Discussões nessa área vêm crescendo, se concentram em diversos campos, desde doutrinários a sindicais. A preocupação por um meio ambiente do trabalho sustentável e pela qualidade de vida dos trabalhadores está cada vez mais presente.

Um dos pontos mais graves em relação à precarização ou falta de regulamentação no trabalho é referente aos riscos e danos causados à segurança e saúde do trabalhador no ambiente de trabalho. Pois, acima de tudo, isto coloca em risco a própria vida do trabalhador. O risco de dano, inclusive, não se restringe aos danos físicos, mas também os danos psicológicos.

O objetivo do trabalho é estabelecer uma comparação entre a legislação brasileira com a respectiva legislação americana, realizando, assim, uma breve revisão dos respectivos sistemas, apontando semelhanças e diferenças e, principalmente, lacunas.

Primeiramente, o sistema jurídico americano não é fundamentado em leis escritas e sim nos costumes e na jurisprudência. O direito baseado em costumes acompanha as intensas mudanças da sociedade, permitindo uma maior flexibilidade, ao magistrado, para julgar determinado caso. De acordo com Lawrence M. Friedman (2002), o direito é um produto da sociedade e, de acordo com suas mudanças, o direito também deve mudar.

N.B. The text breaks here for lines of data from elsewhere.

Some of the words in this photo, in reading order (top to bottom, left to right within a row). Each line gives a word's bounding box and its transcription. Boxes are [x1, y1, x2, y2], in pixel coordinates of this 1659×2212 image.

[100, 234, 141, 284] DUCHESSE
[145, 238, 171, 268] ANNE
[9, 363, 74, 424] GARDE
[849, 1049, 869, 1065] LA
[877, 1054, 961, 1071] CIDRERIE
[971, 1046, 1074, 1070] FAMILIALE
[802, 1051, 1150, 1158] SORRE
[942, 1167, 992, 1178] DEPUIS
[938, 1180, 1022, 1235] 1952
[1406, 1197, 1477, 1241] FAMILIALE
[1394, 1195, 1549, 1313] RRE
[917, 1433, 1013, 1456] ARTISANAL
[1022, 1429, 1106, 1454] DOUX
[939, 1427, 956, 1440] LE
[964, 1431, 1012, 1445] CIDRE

Em relação ao sistema jurídico americano, Amauri Mascaro do Nascimento o define como: “É singular. Há poucas leis, e a ideia do código de trabalho é ignorada. A interferência do Estado nos contratos de trabalho é mínima. O sistema desenvolve-se com acentuada espontaneidade, independentemente de leis.” (NASCIMENTO, 2011, p.51).

Os Estados Unidos são conhecidos justamente pelas práticas neoliberais. São adeptos da total liberdade contratual entre empregado e empregador. Esta mentalidade repreende qualquer excesso de intervenção estatal nas relações contratuais de trabalho. Porém, essa liberdade tem se mostrado extremamente nociva. Pesquisa recente elaborada pelas universidades de Harvard e McGill apontaram os Estados Unidos como um dos piores países do mundo em relação a direitos trabalhistas. Diversos direitos trabalhistas aos quais os brasileiros estão acostumados não existem nos EUA como a licença paternidade e as férias remuneradas.

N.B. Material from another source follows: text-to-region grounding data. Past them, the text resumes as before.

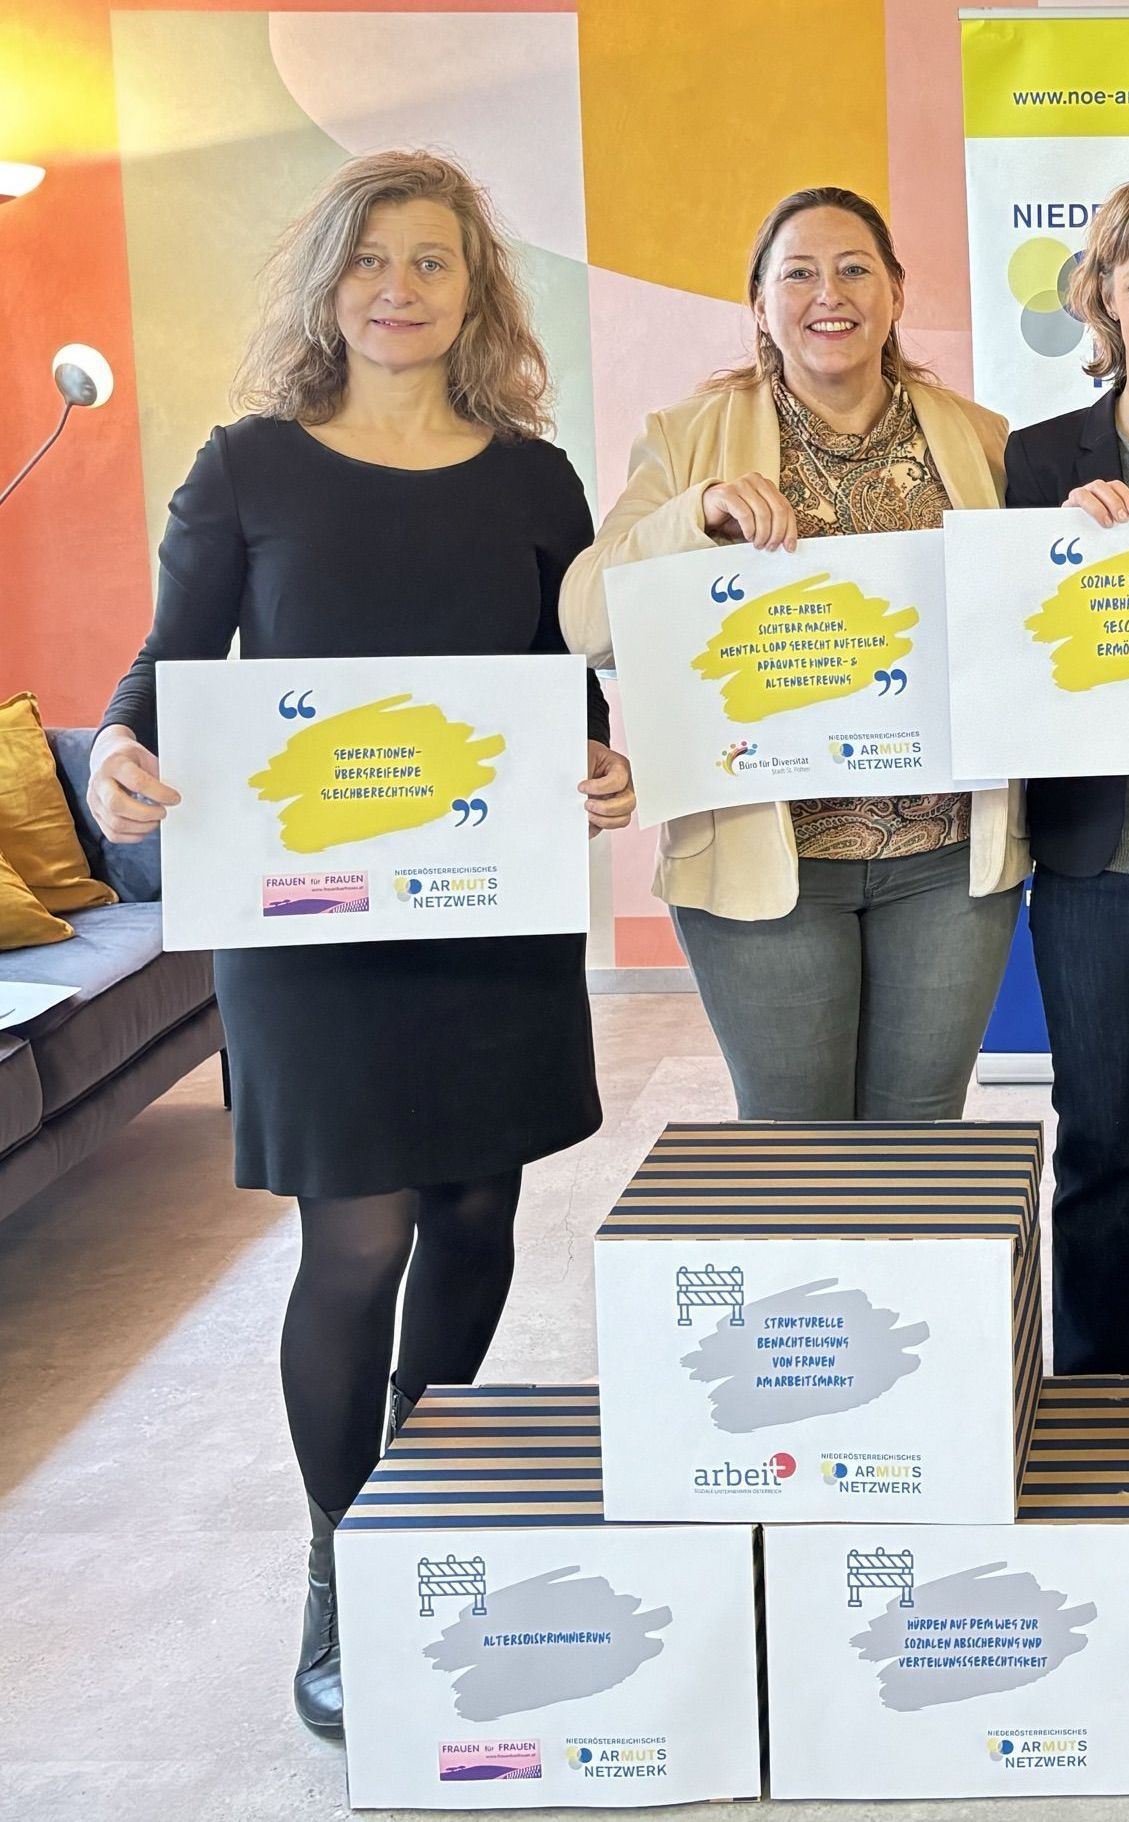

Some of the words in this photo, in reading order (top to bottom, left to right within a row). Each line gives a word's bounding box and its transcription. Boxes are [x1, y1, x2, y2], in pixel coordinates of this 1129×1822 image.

[1080, 575, 1125, 588] SOZIALE
[768, 603, 832, 616] CARE-ARBEIT
[759, 621, 803, 635] SICHTBAR
[805, 620, 847, 632] MACHEN.
[720, 645, 761, 658] MENTAL
[763, 641, 787, 653] LOAD
[788, 639, 830, 651] GERECHT
[834, 635, 889, 649] AUFTEILEN.
[757, 657, 807, 671] ADÄQUATE
[809, 657, 848, 668] KINDER-
[765, 673, 851, 689] ALTENBETREUUNG
[828, 731, 920, 741] NIEDERÖSTERREICHISCHES
[334, 747, 422, 761] GENERATIONEN-
[860, 742, 921, 756] ARMUTS
[739, 761, 757, 770] Büro
[847, 757, 923, 770] NETZWERK
[335, 765, 422, 780] ÜBERGREIFENDE
[320, 785, 434, 800] GLEICHBERECHTIGUNG
[394, 866, 498, 876] NIEDERÖSTERREICHISCHES
[267, 878, 305, 887] FRAUEN
[325, 875, 363, 884] FRAUEN
[429, 877, 498, 892] ARMUTS
[413, 894, 498, 908] NETZWERK
[764, 1317, 844, 1330] STRUKTURELLE
[757, 1336, 849, 1349] BENACHTEILIGUNG
[772, 1356, 793, 1368] VON
[795, 1355, 836, 1367] FRAUEN
[756, 1376, 772, 1388] AM
[774, 1375, 855, 1388] ARBEITSMARKT
[821, 1453, 922, 1461] NIEDERÖSTERREICHISCHES
[855, 1465, 922, 1478] ARMUTS
[839, 1481, 922, 1494] NETZWERK
[907, 1617, 948, 1631] HÜRDEN
[949, 1618, 968, 1630] AUF
[970, 1618, 993, 1630] DEM
[995, 1618, 1018, 1632] WEG
[1020, 1618, 1039, 1630] ZUR
[483, 1632, 611, 1647] ALTERSDISKRIMINIERUNG
[905, 1637, 952, 1649] SOZIALEN
[954, 1637, 1021, 1650] ABSICHERUNG
[1022, 1637, 1042, 1649] UND
[899, 1655, 1048, 1669] VERTEILUNGSGERECHTIGKEIT
[498, 1743, 536, 1751] FRAUEN
[566, 1736, 666, 1745] NIEDERÖSTERREICHISCHES
[1021, 1739, 1088, 1752] ARMUTS
[600, 1748, 667, 1762] ARMUTS
[1005, 1755, 1088, 1768] NETZWERK
[584, 1764, 667, 1778] NETZWERK

Amauri Mascaro do Nascimento (2011), em sua obra onde aborda o direito do trabalho sob a perspectiva de modelos, afirma que os Estados Unidos adotaram o modelo negociado. Este modelo, em suas palavras: “funda-se na concepção autotutelar do direito do trabalho que tem como pressupostos a omissão, proposital ou não, do Estado que é abstencionista nas relações de trabalho. (NASCIMENTO, 2011, p.50)”.

Esta omissão estatal contrasta com o rigoroso formalismo na aplicação de leis trabalhistas como se constata no Brasil e em outros países como França e Suécia. Ocorre que há um movimento de flexibilização das leis trabalhistas. Em épocas de crise econômica ou perante empresas com dificuldades financeiras, sempre surgem discussões sobre a flexibilização como solução para os problemas de desemprego e como forma de incentivar a expansão e criação de novas empresas.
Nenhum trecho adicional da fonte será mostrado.